We the People: Confessions of a Caucasian Southerner 

By Harry Moore 

Broadstone Books, 2024 

Paperback: $28.75 

Genre: Poetry 

Reviewed by Edward Journey 

Cover of We the People. Light blue background with two marble statues.

In our current urgent age of reckoning, poet Harry Moore has written a collection of poems that recall a time that might seem remote to some. Moore evokes the memories of the past that must be reconciled with the present, as these poems – many of them autobiographical – wrestle with a personal legacy that Moore now realizes was privileged and blinkered. 

We the People: Confessions of a Caucasian Southerner is Harry Moore’s seventh and most recent poetry collection. Moore lives in Decatur after over four decades of teaching in Alabama community colleges. In this latest book, he ponders, at times, his own inaction. Looking back on an unpleasant family encounter in “Revive Us Again,” the speaker regrets that he, “in shame and surprise // … fled into a world / I lacked courage to change.”  

Many of these poems take on an elegiac tone. Tuskegee Airmen, the Tuskegee Syphilis Study, and the Scottsboro Boys all get a nod. Herman Shaw, a “survivor” of the syphilis study, is remembered in two poems. In “Herman Shaw (II),” Shaw is being honored at the White House, says he can forgive, forget. Moore writes, “Is this possible – after / the ships, the auction blocks, the war, / a state constitution bloated and tangled / to block freedom at every turn, lynchings / to breed fear and cowering …” 

Many of the poems are personal profiles of experiences and personalities observed during childhood. They often recall the ways in which racism becomes ingrained in youth. In one poem, Tuskegee veterinarians arrive to care for a family heifer whose calf is too big to birth. The vets’ “light color and crisp speech” make the family wonder “where they might be from.” A poem titled “Micro-Aggressions: You People” is followed closely by a series of poems called “Micro-Civilities,” which regard all-too-familiar situations as well as a rush to judgment. 

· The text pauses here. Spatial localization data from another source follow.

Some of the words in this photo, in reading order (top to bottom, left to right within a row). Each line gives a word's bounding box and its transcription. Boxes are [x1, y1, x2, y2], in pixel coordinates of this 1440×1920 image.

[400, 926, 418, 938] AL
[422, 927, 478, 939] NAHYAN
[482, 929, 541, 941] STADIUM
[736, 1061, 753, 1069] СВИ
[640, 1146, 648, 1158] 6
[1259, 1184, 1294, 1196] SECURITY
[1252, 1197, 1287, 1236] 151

The clunky subtitle, “Confessions of a Caucasian Southerner,” seems, perhaps, superfluous; any astute reader will quickly discover the impetus and theme of these poems without the titular prompt. There are lyrical depictions of rural life and civility throughout, often tinged with the stain of painful memories and collective insensitivity. The poem “A New Earth: 1955,” dedicated to Rosa Parks, is my favorite poem in the collection. It presents the annual cycle of a cotton field while aiming forward to larger truths and “a new planting, for / a harvest like none we’d ever known.” That poem soars in the subtlety and surprise of its approach.   

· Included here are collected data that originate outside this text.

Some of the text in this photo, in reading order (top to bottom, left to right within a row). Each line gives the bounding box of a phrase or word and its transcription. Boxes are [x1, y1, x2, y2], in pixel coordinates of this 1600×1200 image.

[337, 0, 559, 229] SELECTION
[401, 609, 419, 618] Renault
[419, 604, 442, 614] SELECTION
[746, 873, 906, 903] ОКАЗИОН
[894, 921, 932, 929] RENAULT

Moore’s poems often make me think of the social justice chant, “Say Their Names.” In fact, two poems, “Isham’s Will” and “Inventory: Ransom’s Estate,” take their language and names directly from actual legal documents – hypnotically impassive lists of names of enslaved human beings. Moore’s attentive approach to language is emphasized by the etymologies that introduce certain poems: Moor, privilege, reparations, segregate…  

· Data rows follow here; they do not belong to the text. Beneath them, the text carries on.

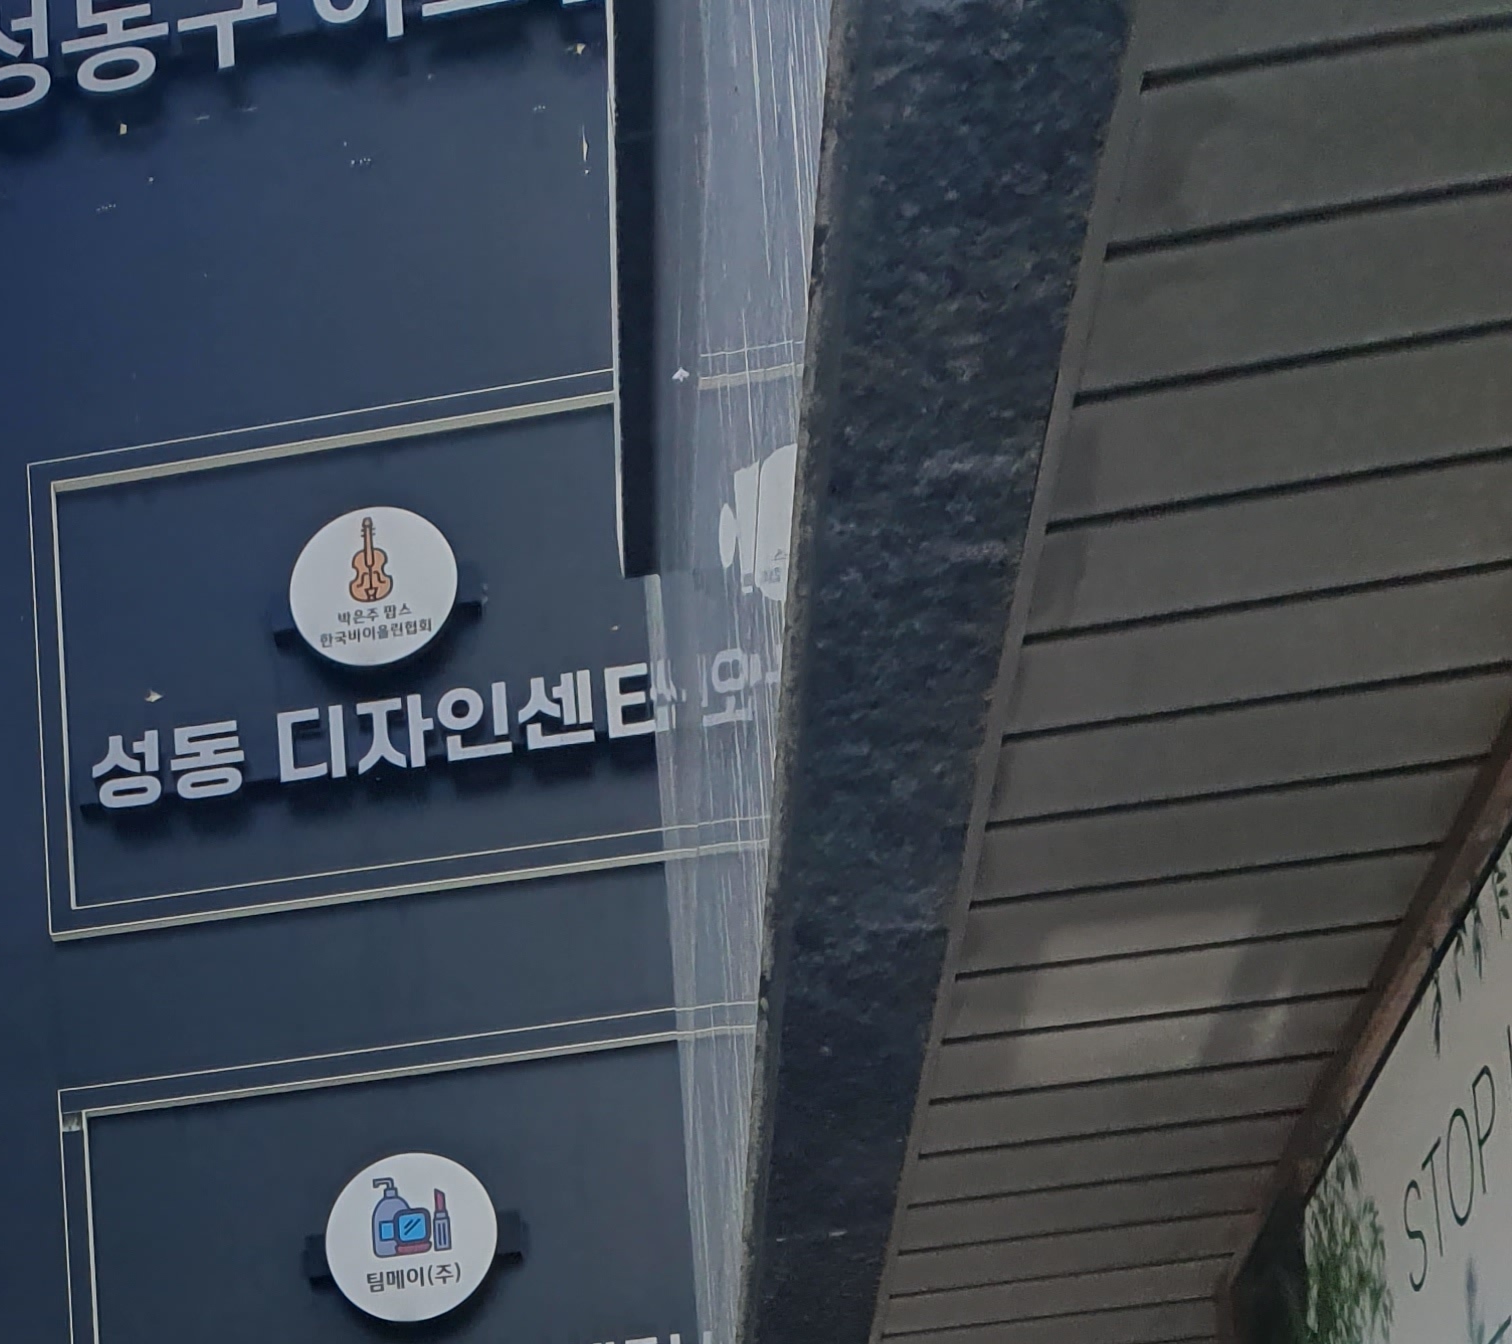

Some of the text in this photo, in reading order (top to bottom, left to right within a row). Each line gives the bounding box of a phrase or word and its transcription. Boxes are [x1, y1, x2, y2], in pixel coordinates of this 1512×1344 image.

[337, 607, 380, 626] 박은주
[90, 717, 246, 810] 성동
[275, 657, 678, 784] 디자인센터
[1402, 1064, 1496, 1292] STOP
[366, 1261, 462, 1294] 팀메이(주)
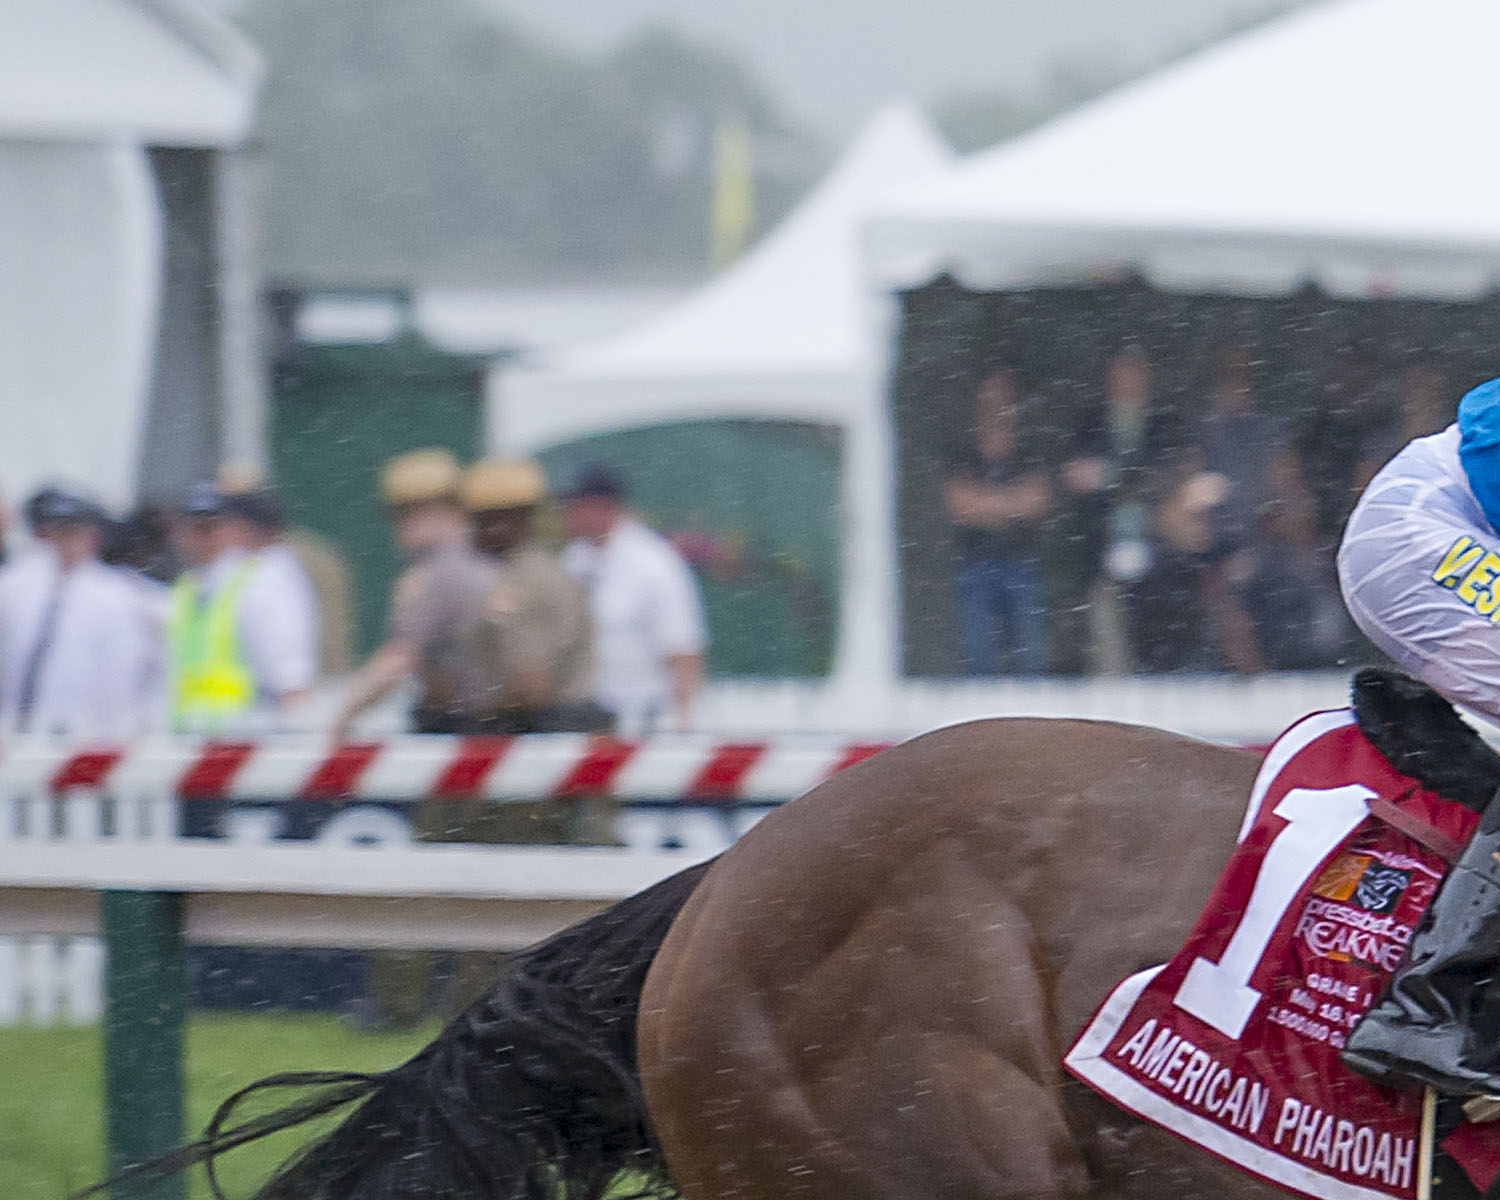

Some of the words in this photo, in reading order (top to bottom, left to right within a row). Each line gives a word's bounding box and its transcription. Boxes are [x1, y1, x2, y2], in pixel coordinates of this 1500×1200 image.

[1172, 783, 1379, 1041] 1
[1118, 1018, 1270, 1135] AMERICAN
[1273, 1097, 1416, 1189] PHAROAH

Harry Moore’s We the People provides insights into slices of life in a segregated and complicated South – past and present. Lush descriptions of pastoral scenes give way to brutal reminders of chattel slavery and its enduring aftermath. We the People is honest poetry of searing insight, memory sans sentimentality, and blunt reckoning. 

 

Edward Journey, a retired university professor and theatre professional living in Birmingham, regularly shares his essays in the online journal “Professional Southerner” (www.professionalsoutherner.com).